A Look Back at One Of The School’s President’s
The school year is 1985 – 1986, Lincoln H. Hall is College of the Sequoias’ Superintendent and President. His picture is proudly displayed on the second page of the school catalog for that year, just after a picture of the school itself.
Lincoln Hall had a successful career prior to coming to COS, originally from Santa Paula, CA where he attended and graduated high school in 1945. Lincoln Hall would go on to serve in the United States Navy, assigned to a patrol craft during WWII in the Philippines. That would not conclude his service to his country however, Lincoln Hall would return to the Navy during the Korean War returning to another round of training and eventually would be stationed in Pearl Harbor, Hawaii.
Between enlistments, Lincoln Hall attended two community colleges within California and would go on to gain his B.S. degree in Finance and Economics from UCLA. After his second enlistment was completed and while working and living in Oakland, CA Lincoln Hall made the decision to enter education and become a professor. Completed night school at UC Berkeley to obtain his teaching credential and started his educational career at Antioch High School teaching history, economics, and civics.
1957 is when Lincoln Hall joined the COS family as a Professor of Economics, one COS faculty would go on to become a true family member when he married fellow COS professor of business Gerry Vogel only 3 short years after starting COS, in 1960 and would stay married for 60 years! (A true COS fairytale).

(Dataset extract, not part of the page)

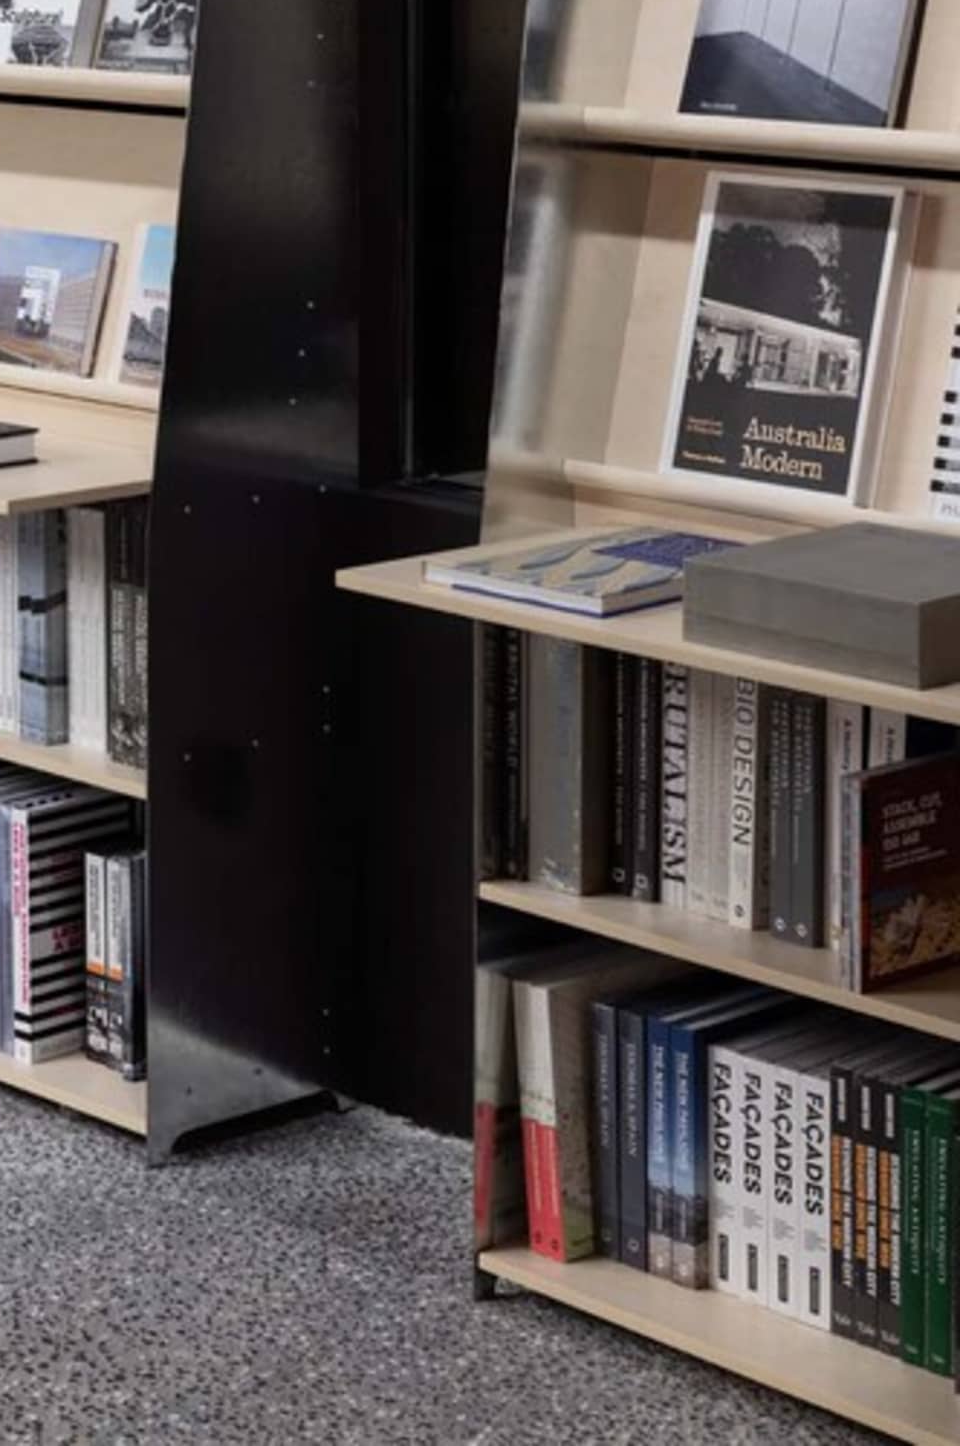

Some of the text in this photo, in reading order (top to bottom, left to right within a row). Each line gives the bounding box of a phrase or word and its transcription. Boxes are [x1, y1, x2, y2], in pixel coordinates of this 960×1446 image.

While all these things alone are great accomplishments on their own right, let alone when combined, Lincoln Hall was not done quite yet. During his time at COS, he had once again returned to school and completed his Doctorate in Education at USC. Something that would eventually lead Lincoln Hall to return to the COS faculty in 1983 as superintendent until his retirement in 1991.
At the time of his service to the school, COS had been open for almost 60 years, serving more than three thousand square miles at the time. The school itself sat on 55 acres and had the 160-acre COS farm during Lincoln Hall’s term as COS President. Lincoln Hall had dedicated his life to service from the U.S. Navy to education, giving some of that dedication to COS students during his time with the school.